I'm happy with cream
and anchovies and such!
only a cat,
and we'll get along fine...
As long as you know
I'm not yours... you are mine
More thoughts on a black cat
A cat as black
as blackest coal
is out upon
His midnight stroll,
His steps are soft,
His walk is slow,
His eyes are gold,
they flash and they glow.
And so I do run
and so I do duck,
for I do not need
His black-cat luck.
by Old Salfordian
I am invisible
I am invisible
Yet I can see everything you do
I can hear the lies slipping from your tongue
As you leave me a voice mail
This is second nature to you
Trapping the naïve requires no effort whatsoever
I’m not surprised or shocked by this.
How dare you tell me I’m paranoid
That I’m making false accusations
How dare you mess with my mind.
I am invisible
I watch as you spin your web of deceit
I’m not upset or angry
I have no animosity towards you
I feel a sense of calmness and strength
Now I can walk away from you
I am free.
Goodbye.
by Callie
Sunday, 5 October 2008
Give and Take
Put it on the Jeremy Kyle
Show to punish it.
Jeremy Kyle would grind
My wrangling down
To snowy white dust
So that I could
Brush it away.
Give me a dash of complacency
To lie within my arguments
To give my opinions doubt
and reason,
So that they could be satisfied
With another person’s
Point of view.
by Peaches & Cream
To Fear
Right, Fear, today is the 22nd of September 2008
and I have come up with a strong decision
about what to do with you.
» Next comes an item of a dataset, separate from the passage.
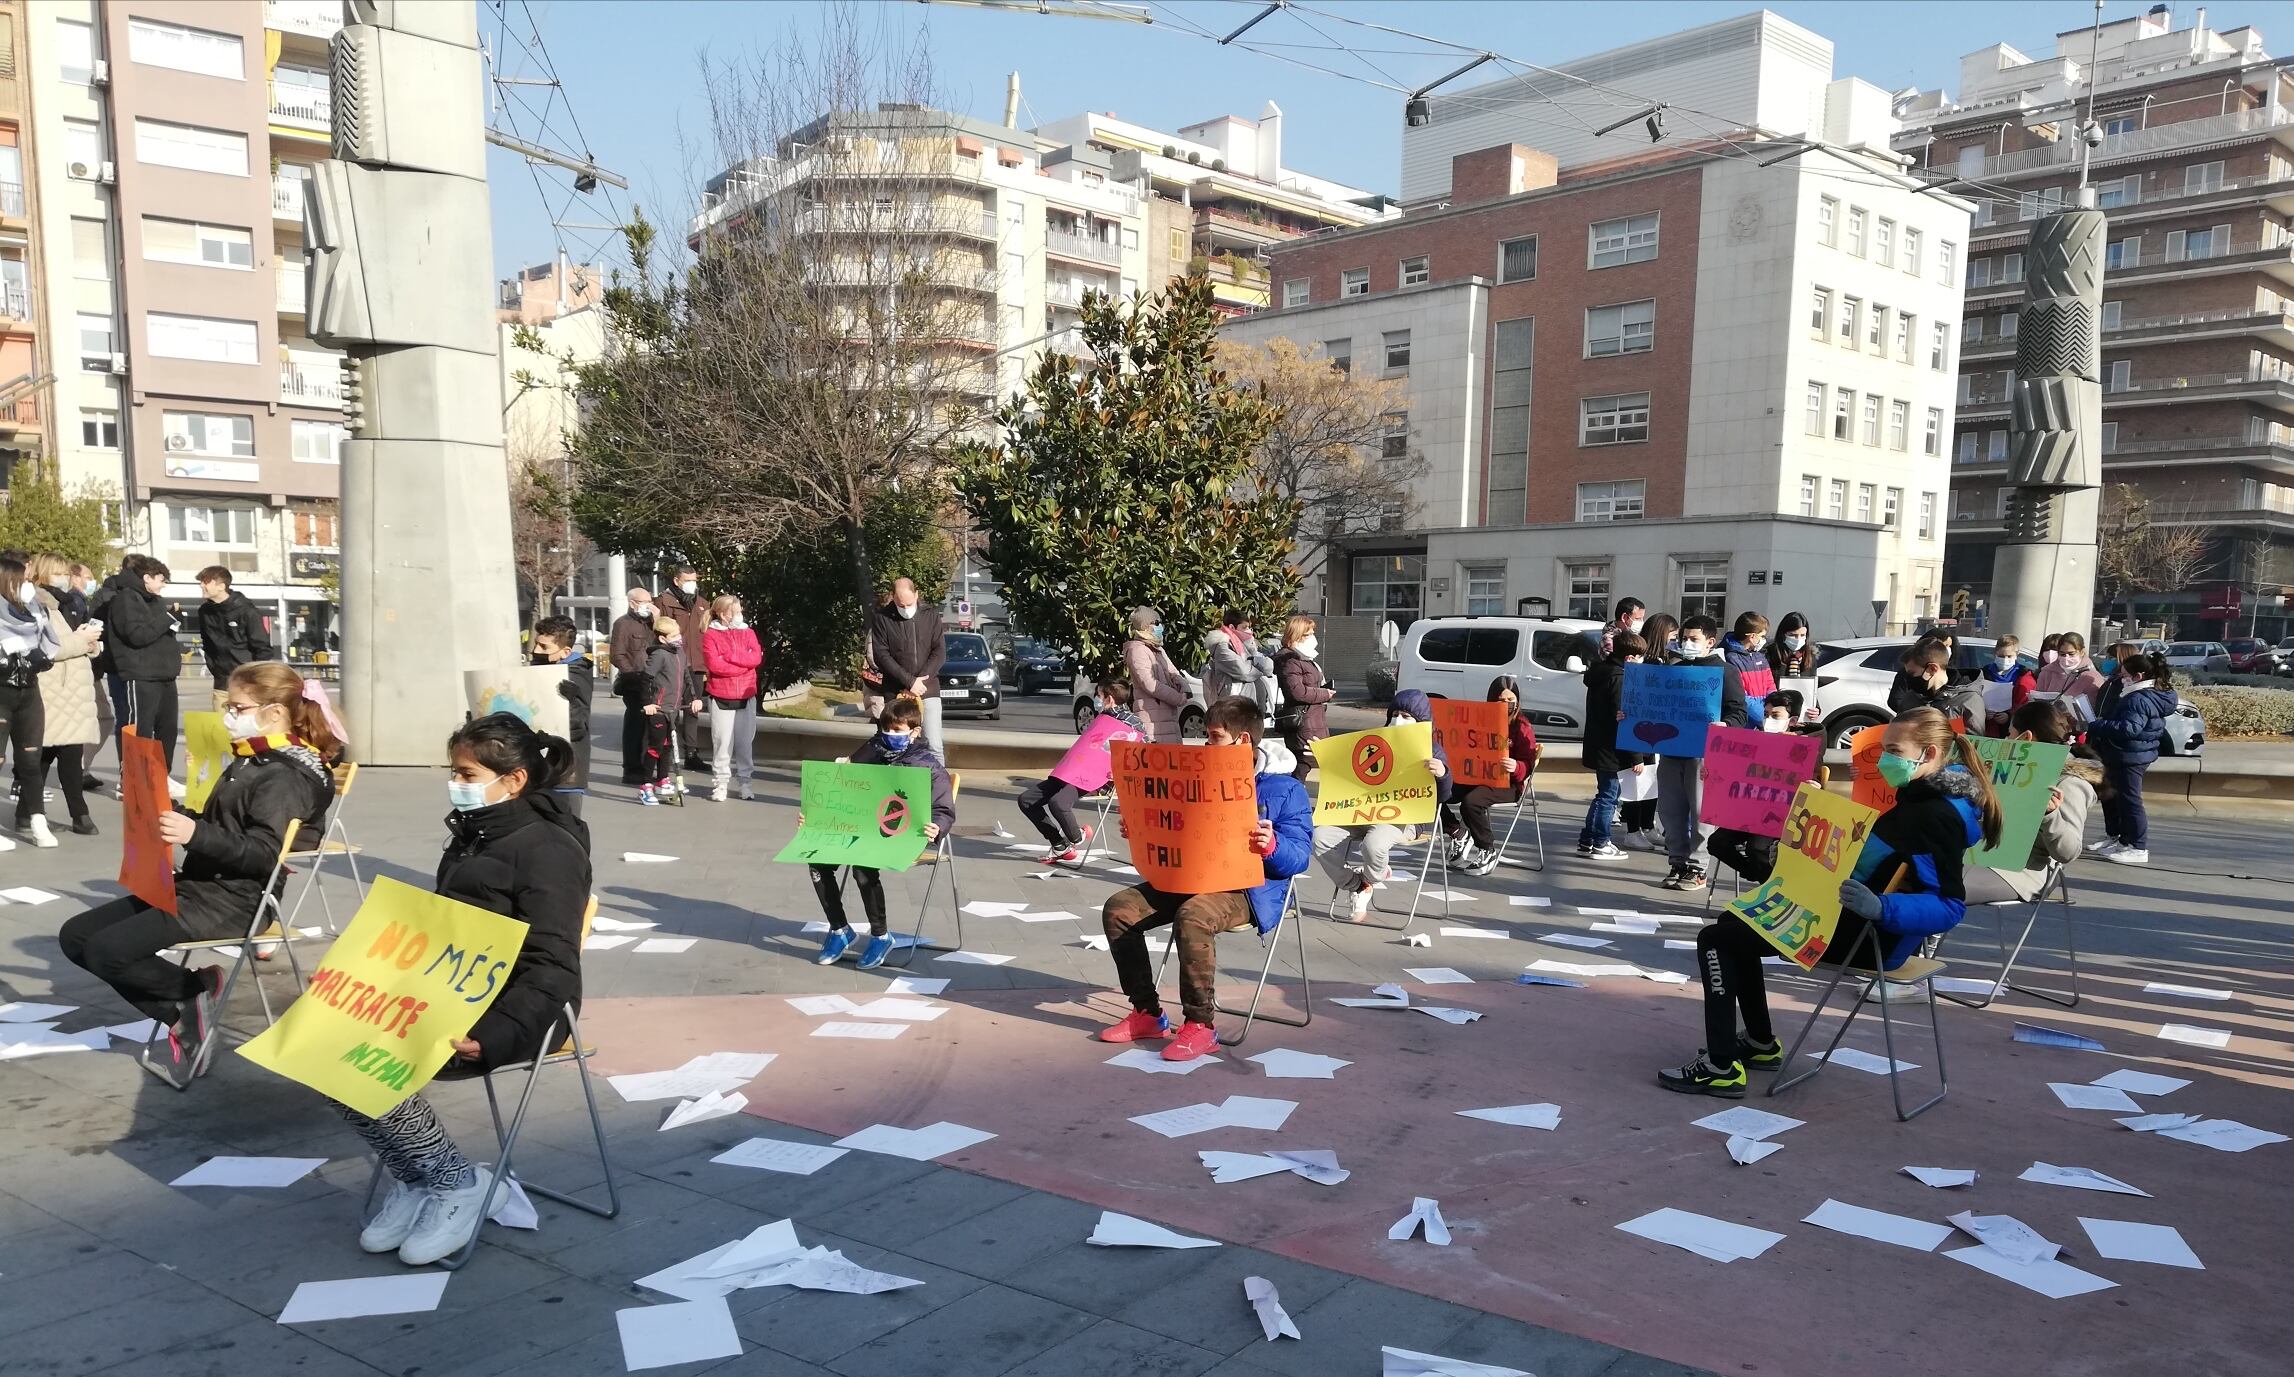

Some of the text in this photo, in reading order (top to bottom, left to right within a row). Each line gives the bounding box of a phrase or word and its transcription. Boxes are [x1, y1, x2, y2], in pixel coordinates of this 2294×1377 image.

For all these years
I have accommodated you in my life,
but today it is all going to end.
I am taking you to a place where I will disgrace you
in front of everyone. I will tell them that you are
a destroyer, tormentor, you are everything
that is bad, everything that I can’t even name.
Those who are going to be there will know
who you are and they will never accommodate
you because I will tell them the signs
and how you love to control.
For your own information, Fear, in your place
I have replaced you with Confidence.
It feels good to have Confidence.
by Christine
Would you believe it
Sporty was in the news with his medal on his long neck. The man who was sitting in the front of the crowd called up the 20 best animals in the Animal Olympics. There was a tiger, lion, dinosaur, giraffe, hippo, leopard, crocodile, snake, viper, venomous creature, lizard, adder, whale, elephant, horse, ass, deer, donkey, monkey, chimpanzee and Sporty.
by Catwoman
Life and Birth
I'm a survivor - one of the lucky ones.
I've made it here and I've come out strong!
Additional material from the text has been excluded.